Rumi, the 13th-century Muslim poet, has become a household name in recent decades, even becoming North America’s best-selling poet thanks to English translations of his work. Verses of his poetry are used to start yoga sessions, religious ceremonies and weddings, and are ubiquitous on social media, in addition to actual sales of his books. His universalist outlook means that his poetry is quoted by practitioners from a variety of traditions, but with little Persian Sufi poetry readily available to compare it to, Rumi’s approach as a poet is completely unknown to most readers. It’s a shame because he was a subversive innovator.
Two things distinguish Rumi’s lyric poetry. The first is the deliberately childish language used in many of his poems, including “Yar mara” – meaning “I have a beloved” – a highly interpreted poem in which “thou art” is repeated 29 times in only eight verses. And second, the breaking of genre boundaries: among his lyric poems are mystical exegeses of the Quran and a famous homily on the Hajj pilgrimage with the refrain “O Hajj pilgrims, where have you been? The Beloved is here, come back! The rebellion in the message should come as no surprise to a poet who subversively innovates with the form of his poems in a tradition of writing where one expected to strictly follow the refined conventions of love poetry.
Rumi’s subversive Masnavi
Rumi’s magnum opus is The Masnavi (literally, “The rhyming couplets”). This poem is so revered in the Muslim world that it is commonly referred to as “The Quran in Persian”. The Masnavi is also probably the longest mystical poem by a single author ever written in a civilization with approximately 26,000 verses spread over its six volumes. It contains by far the highest frequency of quotations from the Quran among the poems of the masnavi form, but its sources are vast, including religious scriptures, folklore, and works on astronomy and medicine.
Similar to his lyric poetry, Rumi Masnavi is predictably subversive. It does not begin with the standard religious phrase used to begin all other Muslim books (“In the name of God…”), and instead features 18 verses that begin and end with the same letters that phrase begins and ends with. par, the Arabic alphabetical equivalent of “b” and “m”. The poem also contains many lyrical passages traditionally excluded from didactic masnavi form in which the poet does not normally refer directly to himself. Rumi interrupts his stories and homilies at will in this poem, explaining that he demands the immediate attention of his readers and does not want them to anticipate the end of the plots.
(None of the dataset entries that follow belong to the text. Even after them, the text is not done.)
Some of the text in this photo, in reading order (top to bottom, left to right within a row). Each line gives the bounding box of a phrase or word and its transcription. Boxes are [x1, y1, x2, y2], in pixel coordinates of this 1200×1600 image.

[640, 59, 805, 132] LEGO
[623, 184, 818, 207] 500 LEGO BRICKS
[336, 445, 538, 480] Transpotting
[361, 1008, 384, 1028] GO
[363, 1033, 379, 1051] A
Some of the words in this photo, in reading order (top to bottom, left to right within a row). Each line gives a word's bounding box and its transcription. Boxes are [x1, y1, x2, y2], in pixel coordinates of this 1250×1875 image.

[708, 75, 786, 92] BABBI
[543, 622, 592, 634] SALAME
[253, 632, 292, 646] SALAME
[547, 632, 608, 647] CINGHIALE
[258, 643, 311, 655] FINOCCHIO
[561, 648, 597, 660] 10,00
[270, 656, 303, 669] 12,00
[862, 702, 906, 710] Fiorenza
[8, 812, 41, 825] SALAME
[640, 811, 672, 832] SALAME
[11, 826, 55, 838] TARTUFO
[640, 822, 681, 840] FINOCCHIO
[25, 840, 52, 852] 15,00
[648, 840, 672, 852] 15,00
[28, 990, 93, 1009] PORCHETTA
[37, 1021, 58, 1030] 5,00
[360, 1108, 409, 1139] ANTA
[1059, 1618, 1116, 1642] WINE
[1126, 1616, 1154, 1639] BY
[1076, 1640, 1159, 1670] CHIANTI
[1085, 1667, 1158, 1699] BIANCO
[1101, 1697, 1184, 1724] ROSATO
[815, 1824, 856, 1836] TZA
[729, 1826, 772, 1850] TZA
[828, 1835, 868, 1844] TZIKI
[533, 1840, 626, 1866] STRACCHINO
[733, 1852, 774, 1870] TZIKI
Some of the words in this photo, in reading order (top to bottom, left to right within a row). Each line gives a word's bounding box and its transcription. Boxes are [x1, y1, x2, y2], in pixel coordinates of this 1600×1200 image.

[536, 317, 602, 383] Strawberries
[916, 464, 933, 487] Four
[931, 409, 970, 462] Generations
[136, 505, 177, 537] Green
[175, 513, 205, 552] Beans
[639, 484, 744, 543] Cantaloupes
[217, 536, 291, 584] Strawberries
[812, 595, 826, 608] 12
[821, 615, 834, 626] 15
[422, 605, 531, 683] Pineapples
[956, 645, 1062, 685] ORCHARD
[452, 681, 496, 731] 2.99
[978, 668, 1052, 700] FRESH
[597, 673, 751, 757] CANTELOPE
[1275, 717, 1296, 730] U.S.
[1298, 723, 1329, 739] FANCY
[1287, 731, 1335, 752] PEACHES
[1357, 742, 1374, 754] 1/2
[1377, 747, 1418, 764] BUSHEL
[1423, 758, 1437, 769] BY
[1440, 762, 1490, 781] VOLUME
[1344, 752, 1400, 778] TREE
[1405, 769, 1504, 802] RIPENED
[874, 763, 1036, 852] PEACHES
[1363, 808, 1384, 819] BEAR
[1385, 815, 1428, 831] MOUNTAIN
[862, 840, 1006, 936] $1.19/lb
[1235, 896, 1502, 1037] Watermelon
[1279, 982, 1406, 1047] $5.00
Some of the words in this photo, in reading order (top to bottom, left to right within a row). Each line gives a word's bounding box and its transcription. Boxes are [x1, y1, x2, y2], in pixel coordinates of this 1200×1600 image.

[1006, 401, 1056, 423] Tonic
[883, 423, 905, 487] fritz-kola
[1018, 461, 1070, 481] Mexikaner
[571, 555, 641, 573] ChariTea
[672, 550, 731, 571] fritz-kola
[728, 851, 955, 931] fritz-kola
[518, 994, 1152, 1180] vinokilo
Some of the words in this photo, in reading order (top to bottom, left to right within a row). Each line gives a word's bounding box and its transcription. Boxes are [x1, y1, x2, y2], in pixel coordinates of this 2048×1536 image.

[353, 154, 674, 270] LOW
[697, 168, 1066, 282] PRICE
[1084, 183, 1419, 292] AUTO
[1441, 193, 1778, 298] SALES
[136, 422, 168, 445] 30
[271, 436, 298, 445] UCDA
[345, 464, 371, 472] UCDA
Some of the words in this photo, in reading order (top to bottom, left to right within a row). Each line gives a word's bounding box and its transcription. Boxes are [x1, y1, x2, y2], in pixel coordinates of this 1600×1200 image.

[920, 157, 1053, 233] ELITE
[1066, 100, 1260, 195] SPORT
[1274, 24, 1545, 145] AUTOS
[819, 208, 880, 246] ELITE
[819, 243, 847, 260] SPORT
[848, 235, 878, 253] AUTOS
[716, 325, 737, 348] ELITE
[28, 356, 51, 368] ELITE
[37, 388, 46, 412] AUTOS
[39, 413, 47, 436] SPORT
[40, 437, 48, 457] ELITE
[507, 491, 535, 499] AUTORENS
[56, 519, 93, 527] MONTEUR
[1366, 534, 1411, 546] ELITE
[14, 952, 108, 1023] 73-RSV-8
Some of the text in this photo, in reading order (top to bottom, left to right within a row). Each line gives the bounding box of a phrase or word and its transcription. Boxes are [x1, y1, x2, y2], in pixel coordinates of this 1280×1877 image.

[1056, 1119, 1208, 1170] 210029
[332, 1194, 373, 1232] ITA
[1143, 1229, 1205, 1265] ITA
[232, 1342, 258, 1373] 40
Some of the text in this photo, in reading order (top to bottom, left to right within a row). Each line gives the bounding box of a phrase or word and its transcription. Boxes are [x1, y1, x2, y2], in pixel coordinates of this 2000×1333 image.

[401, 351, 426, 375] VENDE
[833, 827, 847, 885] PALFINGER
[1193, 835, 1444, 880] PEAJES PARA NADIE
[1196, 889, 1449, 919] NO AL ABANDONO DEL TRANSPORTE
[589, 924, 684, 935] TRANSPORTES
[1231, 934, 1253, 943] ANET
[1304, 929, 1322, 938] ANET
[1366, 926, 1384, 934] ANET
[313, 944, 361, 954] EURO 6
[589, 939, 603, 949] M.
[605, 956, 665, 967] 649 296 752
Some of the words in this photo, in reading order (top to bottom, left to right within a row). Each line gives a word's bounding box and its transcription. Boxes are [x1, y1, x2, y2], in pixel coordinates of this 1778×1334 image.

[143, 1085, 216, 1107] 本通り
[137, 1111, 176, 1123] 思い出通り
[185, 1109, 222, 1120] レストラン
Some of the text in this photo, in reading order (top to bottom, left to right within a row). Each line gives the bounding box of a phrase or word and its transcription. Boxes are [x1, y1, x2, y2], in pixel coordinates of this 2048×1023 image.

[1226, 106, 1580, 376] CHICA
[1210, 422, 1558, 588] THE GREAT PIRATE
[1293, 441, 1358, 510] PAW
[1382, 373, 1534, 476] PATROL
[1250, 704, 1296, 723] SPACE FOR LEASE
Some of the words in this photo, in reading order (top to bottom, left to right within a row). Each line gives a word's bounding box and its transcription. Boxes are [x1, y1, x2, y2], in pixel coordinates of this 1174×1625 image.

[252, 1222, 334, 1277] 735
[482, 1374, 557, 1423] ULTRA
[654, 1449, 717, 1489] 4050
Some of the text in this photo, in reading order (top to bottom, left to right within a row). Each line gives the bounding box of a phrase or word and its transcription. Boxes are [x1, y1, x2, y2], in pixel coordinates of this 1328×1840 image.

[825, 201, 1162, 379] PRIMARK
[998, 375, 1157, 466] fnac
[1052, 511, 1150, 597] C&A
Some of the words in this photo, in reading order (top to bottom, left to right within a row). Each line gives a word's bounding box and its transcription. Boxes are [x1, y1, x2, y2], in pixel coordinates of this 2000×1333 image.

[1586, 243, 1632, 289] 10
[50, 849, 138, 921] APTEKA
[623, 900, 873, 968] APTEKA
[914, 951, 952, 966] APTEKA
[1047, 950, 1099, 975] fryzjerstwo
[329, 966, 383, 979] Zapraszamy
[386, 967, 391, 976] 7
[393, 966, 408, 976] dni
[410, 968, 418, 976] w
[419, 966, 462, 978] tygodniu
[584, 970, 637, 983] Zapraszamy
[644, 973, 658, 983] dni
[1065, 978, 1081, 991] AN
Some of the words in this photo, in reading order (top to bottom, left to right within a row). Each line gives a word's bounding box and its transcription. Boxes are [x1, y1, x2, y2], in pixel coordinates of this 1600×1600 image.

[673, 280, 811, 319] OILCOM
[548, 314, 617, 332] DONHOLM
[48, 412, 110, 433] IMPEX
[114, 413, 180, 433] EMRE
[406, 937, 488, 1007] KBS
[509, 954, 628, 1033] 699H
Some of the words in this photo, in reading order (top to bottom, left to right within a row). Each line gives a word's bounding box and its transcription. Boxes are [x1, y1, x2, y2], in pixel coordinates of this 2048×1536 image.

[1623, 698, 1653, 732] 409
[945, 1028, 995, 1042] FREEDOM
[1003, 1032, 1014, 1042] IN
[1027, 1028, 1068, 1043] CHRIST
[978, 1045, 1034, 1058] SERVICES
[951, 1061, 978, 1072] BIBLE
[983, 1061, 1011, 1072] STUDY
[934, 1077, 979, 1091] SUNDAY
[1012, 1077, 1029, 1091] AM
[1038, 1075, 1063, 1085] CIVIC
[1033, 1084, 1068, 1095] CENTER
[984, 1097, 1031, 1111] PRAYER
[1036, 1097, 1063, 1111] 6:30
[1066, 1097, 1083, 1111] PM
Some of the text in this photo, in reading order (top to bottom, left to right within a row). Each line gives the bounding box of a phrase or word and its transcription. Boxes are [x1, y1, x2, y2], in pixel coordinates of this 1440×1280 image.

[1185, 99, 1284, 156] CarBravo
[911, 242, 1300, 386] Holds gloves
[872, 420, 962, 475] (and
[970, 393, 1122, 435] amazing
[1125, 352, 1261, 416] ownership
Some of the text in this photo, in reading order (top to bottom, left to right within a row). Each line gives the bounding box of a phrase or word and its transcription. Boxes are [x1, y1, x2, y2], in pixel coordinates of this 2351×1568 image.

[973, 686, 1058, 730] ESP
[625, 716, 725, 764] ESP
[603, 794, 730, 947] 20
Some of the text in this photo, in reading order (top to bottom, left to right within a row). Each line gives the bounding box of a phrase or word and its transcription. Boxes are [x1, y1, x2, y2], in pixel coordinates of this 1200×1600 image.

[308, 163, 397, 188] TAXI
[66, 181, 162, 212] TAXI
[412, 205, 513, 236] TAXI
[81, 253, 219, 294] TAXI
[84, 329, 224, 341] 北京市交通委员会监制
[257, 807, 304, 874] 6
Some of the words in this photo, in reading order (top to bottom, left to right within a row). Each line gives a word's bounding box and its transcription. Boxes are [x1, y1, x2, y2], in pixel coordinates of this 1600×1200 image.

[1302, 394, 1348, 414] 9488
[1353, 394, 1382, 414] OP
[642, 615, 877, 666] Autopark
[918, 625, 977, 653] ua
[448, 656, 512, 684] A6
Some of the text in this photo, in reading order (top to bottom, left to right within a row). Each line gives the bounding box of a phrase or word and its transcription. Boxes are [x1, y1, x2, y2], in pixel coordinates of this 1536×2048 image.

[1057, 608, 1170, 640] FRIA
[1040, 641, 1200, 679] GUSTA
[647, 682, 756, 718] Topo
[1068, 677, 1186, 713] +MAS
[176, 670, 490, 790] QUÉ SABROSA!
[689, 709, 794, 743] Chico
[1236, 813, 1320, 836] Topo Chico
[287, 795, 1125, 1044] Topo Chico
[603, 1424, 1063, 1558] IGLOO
“Of all the Persian poets, it should come as no surprise that Rumi is the one who tries something new and controversial.”
The most notorious of all of Rumi’s poetic innovations is his inclusion of sexually explicit stories alongside exegesis of scripture and stories of prophets. These stories are extraordinary in their own way because, while others masnavi the poems have stories about sexual encounters, Rumi provides all the raw details about genitalia and bodily fluids. book five of The Masnavi includes most of these passages. Probably the most talked about story is that of the hostess who finds out that her maid has secretly had sex with her donkey. Her reaction is to send the maid on an errand so she can secretly try out the donkey herself. Not having learned from the latter of the need to use a device to prevent full penetration, the encounter ends up killing her. Other simpler sexually explicit stories tend to be about fornication, with a comical example depicting a religious sheikh rising and performing the Muslim ritual prayer when interrupted by his own wife after having sex with her servant.
Most commentators on Rumi’s sexually explicit stories shyly avoided discussing them. As part of Book Five of The Masnavi, it’s not too hard to see that they warn of hidden corruption, similar to many stories in this volume that don’t have sexual content. But the real mystery for most people is why Rumi should have used this type of content. Of all the Persian poets, it should come as no surprise that Rumi is the one who tries something new and controversial. Moreover, when one closely observes his poetic innovations, one comes to the conclusion that they constantly serve to amplify the effect of his words.
Not satisfied with the refinement of expression, Rumi was a poet who sought to shake his audience into action, hence his interactive involvement in his poems against all convention, the often childish level of language and heavy repetition. There is nothing more shocking than sexually explicit content – and also nothing more memorable. Moreover, the degree of shame involved in having one’s sexual activity exposed in stark detail is the most powerful warning of all against harboring hidden corruptions rather than undergoing the full purification process on the Sufi path. . Rumi was a master at keeping his audience engaged and receptive to the transformation his teachings could bring to them. For him, the end justified the means, whatever rules, conventions and taboos they might break.